The next day we took the train to Kutna Hora to see the Bone Church. Words cannot describe how cool it was. It was made out of the bones of over 40,000 bodies, and there was a chandelier that used every bone in the body to make it. We also went to the church nearby that was huge and contained two saint relics and tons of just beautiful artifacts.


Prague is famous for its chocolate, so we got some of that before we left. We also enjoyed the fact that bullet trains are called CityElefants- no idea why, but it was amusing. I finished my Praha postcards on the train and then one of my friends read our palms. I, apparently, have a long and promising life. The train ride ended with a "Twilight Zone" experience. On the outskirts of Munich, the train slowed to a crawl, if we were even moving at all. It was in the middle of nowhere and so it all dark except for the lightning we saw in the distance. There was a eerie “We’re all going to die” kind of feeling in the compartment; the Iron Chancellor checked the other compartments to make sure we were not the only ones in the train and came back with the affirmative that, yes there were other people in the train, but it was still pretty empty. On of my other friends put her head next to the window to try to look out, while everyone else kinda just watched from behind her. Then out of nowhere a bullet train whoshed passed us like it was coming straight towards us and we all screamed, jumped like 5 feet in the air and fell backwards onto our seats. An attendant came to check on us to make sure none of us had been axe murdered or something. It was exceedingly funny!- and we laughed about it for quite some time. We discovered later that the reason it might have been delayed entering the station was because a WWII bomb was found in the Hauptbahnhof that day...

Wednesday, September 5, 2012

Travels with friends: Munich


So if you have not heard of the Autobahn, it is a highway in  Germany with no median and the cars travel about 120 mph. Unfortunately, this is also roughly how Germans drive on side roads as well. Speed limits are not a thing. 

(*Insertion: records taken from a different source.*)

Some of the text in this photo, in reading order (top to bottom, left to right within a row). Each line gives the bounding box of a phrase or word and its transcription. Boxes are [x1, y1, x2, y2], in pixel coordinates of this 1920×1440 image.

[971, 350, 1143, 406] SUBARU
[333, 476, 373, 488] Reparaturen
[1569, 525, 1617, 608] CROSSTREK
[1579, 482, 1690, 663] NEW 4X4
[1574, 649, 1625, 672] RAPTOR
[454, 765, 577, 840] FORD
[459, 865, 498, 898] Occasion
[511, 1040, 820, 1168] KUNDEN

One sunny day in June, a couple of friends and I decided to bike to and around Munich from our rural little apartment (courtesy of our landlords). And, as previously stated, since there were no sidewalks to ride on, one must share the rode with the cars- passing you, I kid you not, at the highest of speeds. So much so, that there were multiple times in which we thought we might witness an accident due to the car passing us while passing other cars- only giving about 3 feet between each one.

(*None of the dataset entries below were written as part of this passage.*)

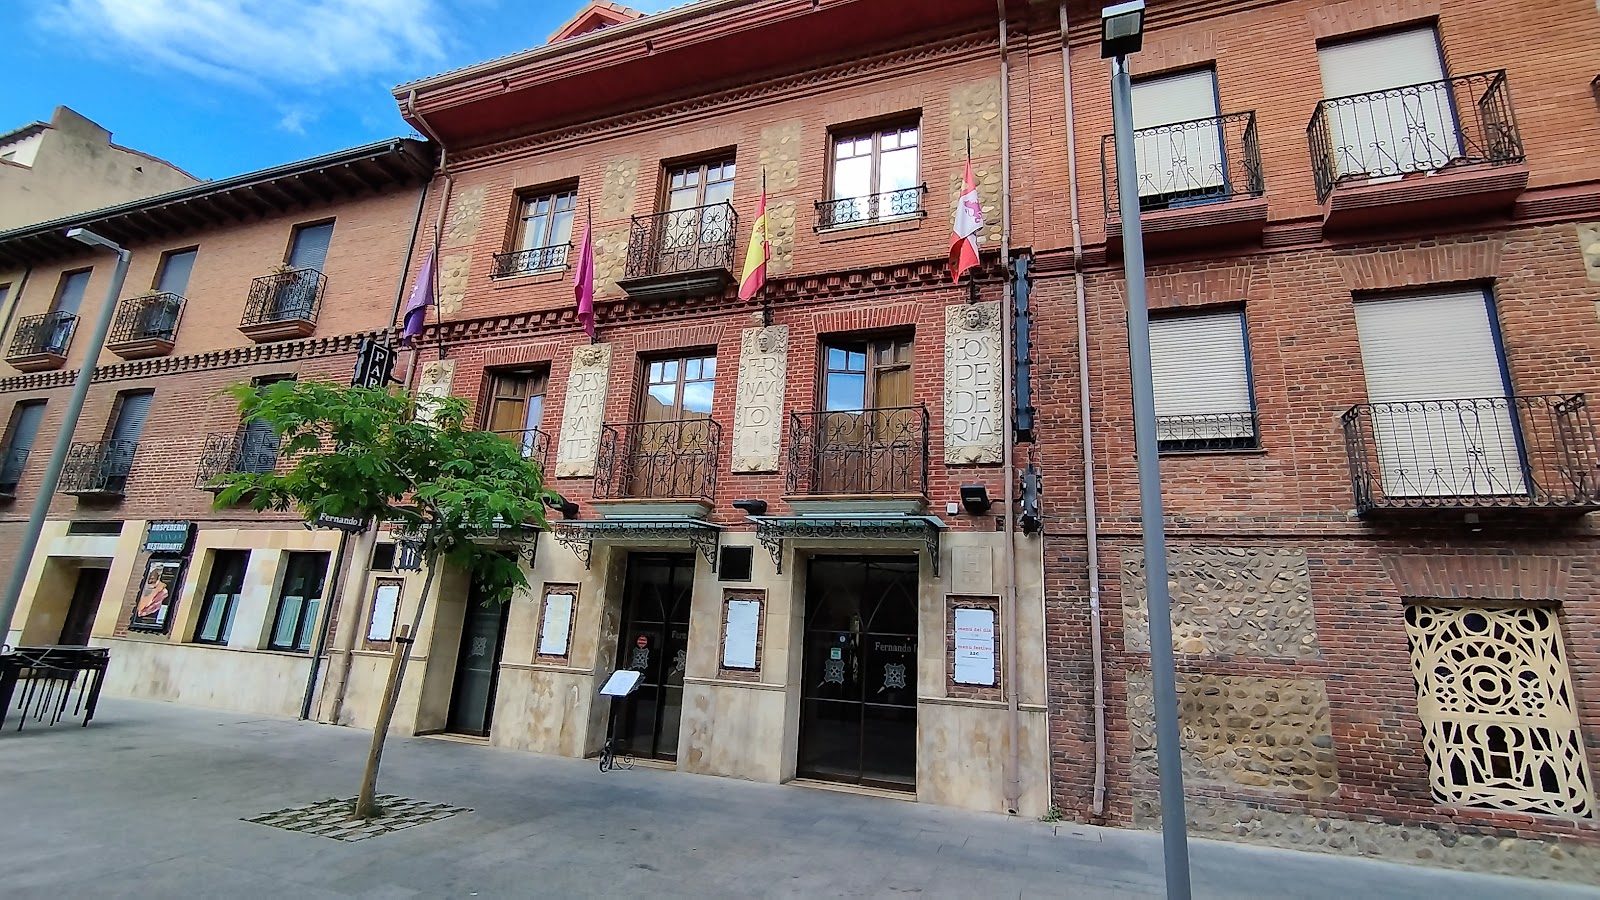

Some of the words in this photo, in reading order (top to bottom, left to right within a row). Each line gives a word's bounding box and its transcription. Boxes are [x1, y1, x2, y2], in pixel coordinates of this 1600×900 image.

[954, 335, 991, 361] HOS
[572, 372, 600, 393] RES
[954, 362, 991, 388] PE
[954, 389, 991, 415] DE
[566, 438, 591, 460] TE
[319, 512, 358, 526] Fernando
[874, 641, 912, 653] Fernando

After biking up and down Mt Kilimanjaro, we finally made it to the S-Bahn station- only stopping for ice cream once on our way there. Once in downtown Munich, we spent the rest of the day biking through the Englischer Garten, taking pictures of the ducks and watching people surf the Eisbach, a freezing stream. We legitimately saw a man jump in with a beer and coast down the stream just to ice it. Ah, Germany.

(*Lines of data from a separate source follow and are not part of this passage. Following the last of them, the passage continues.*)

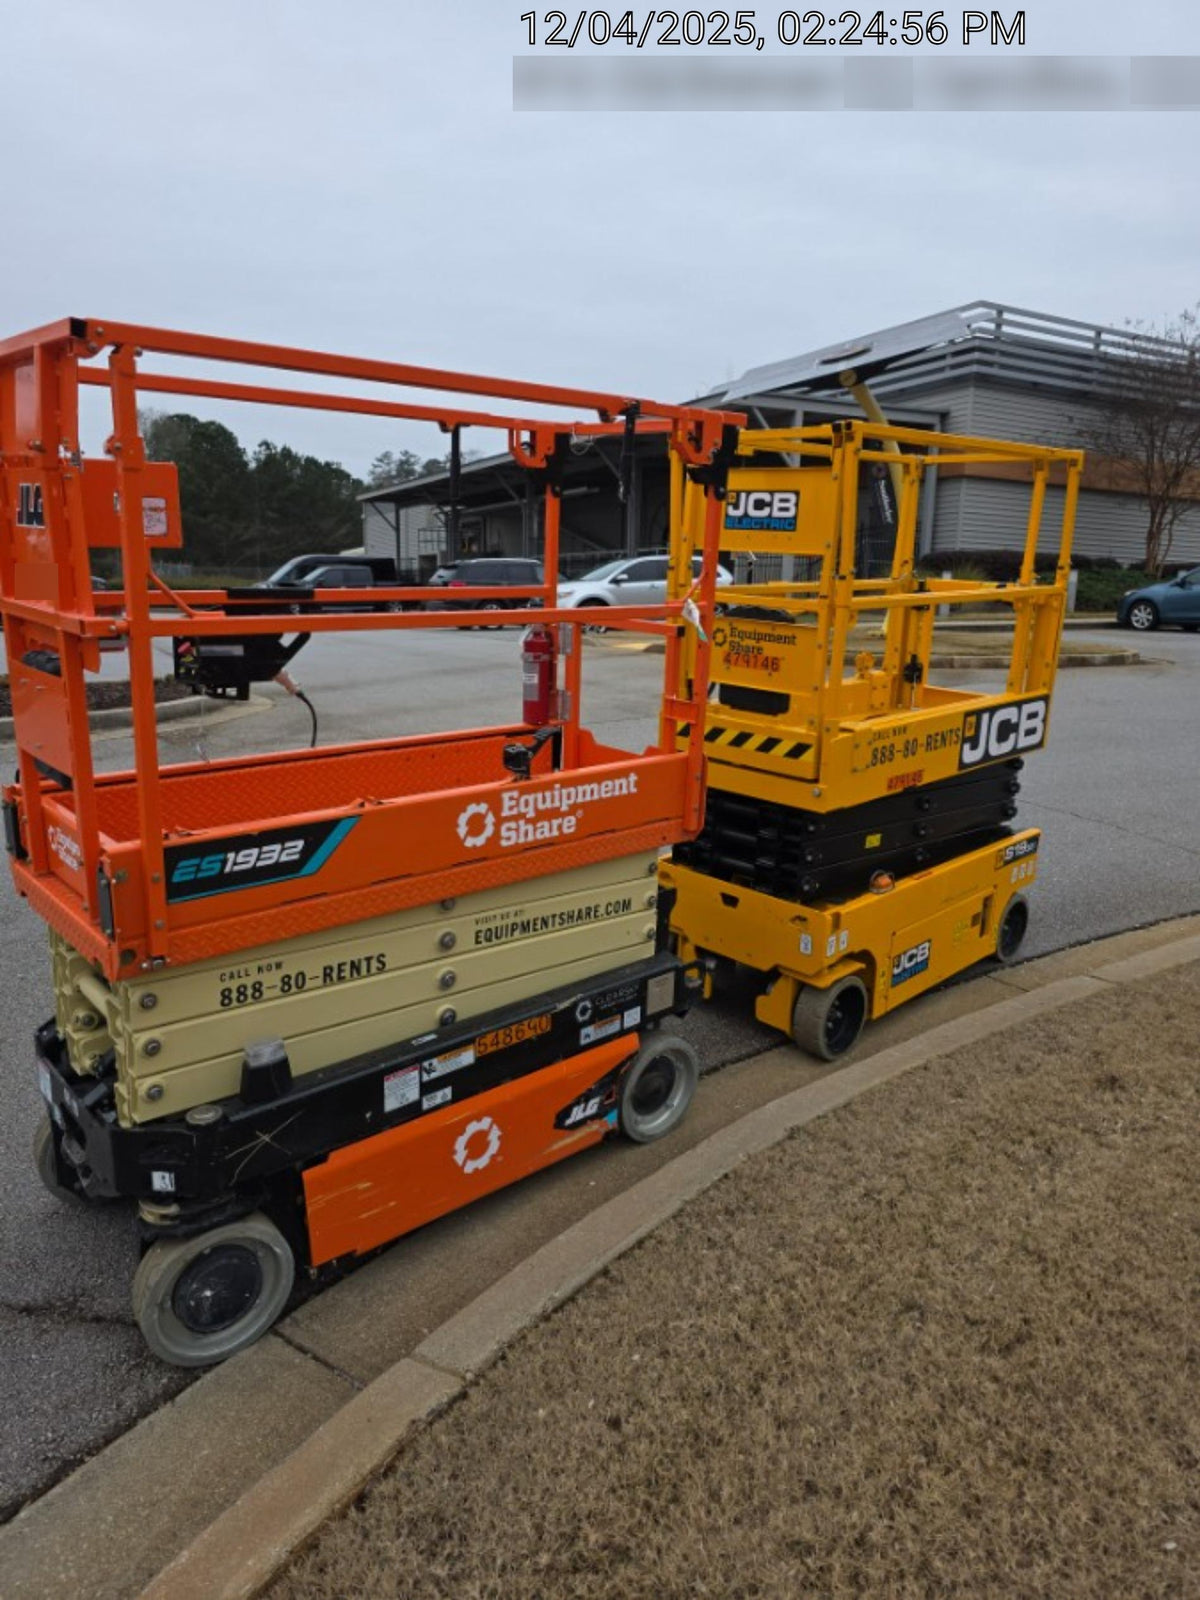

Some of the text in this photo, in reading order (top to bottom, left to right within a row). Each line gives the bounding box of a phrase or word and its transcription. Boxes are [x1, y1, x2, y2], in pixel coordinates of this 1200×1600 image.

[727, 491, 797, 519] JCB
[725, 517, 796, 530] ELECTRIC
[728, 640, 764, 655] Share
[729, 626, 797, 646] Equipment
[870, 726, 961, 767] 888-80-RENTS
[961, 699, 1047, 764] JCB
[501, 772, 638, 818] Equipment
[500, 815, 577, 847] Share
[171, 839, 305, 883] ES1932
[474, 898, 633, 945] EQUIPMENTSHARE.COM
[219, 961, 284, 983] CALL NOW
[893, 941, 930, 975] JCB
[219, 952, 388, 1008] 888-80-RENTS
[564, 1096, 601, 1127] JLG

The S-Bahn in the evening was super crowded, and I am pretty sure it was illegal to have our bikes with us, but we made it home without too much incident. Upon arriving home, tired and ready to just go to bed, one of our landlords ran out to meet us with a colander of freshly picked strawberries and homemade marmalade. (Cue Alice in Wonderland music: "For me?!" "For you!") And then, after seeing us in our sad, sad state, gave us this nectar from elderberries that she had also made to put in our drinks to feel better. We proceeded to devour ALL! the strawberries and drank plenty of water containing the nectar of the gods. It could be poison but we didn't care. Fully rejuvenated, we began discussing what we could do for them for all their kindness... *KNOCK* KNOCK* "Oh hey, I don't want to bother you, but just wanted to see if you wanted to go on a boat ride to see the Alps in Sueddeutschland for our vacation beginning of July?" 
So, yes, Fairy Godlandlords are real. And ours were SERIOUSLY da BOMB.
They also let me name their cute little kitten: 'widdle Pirelli.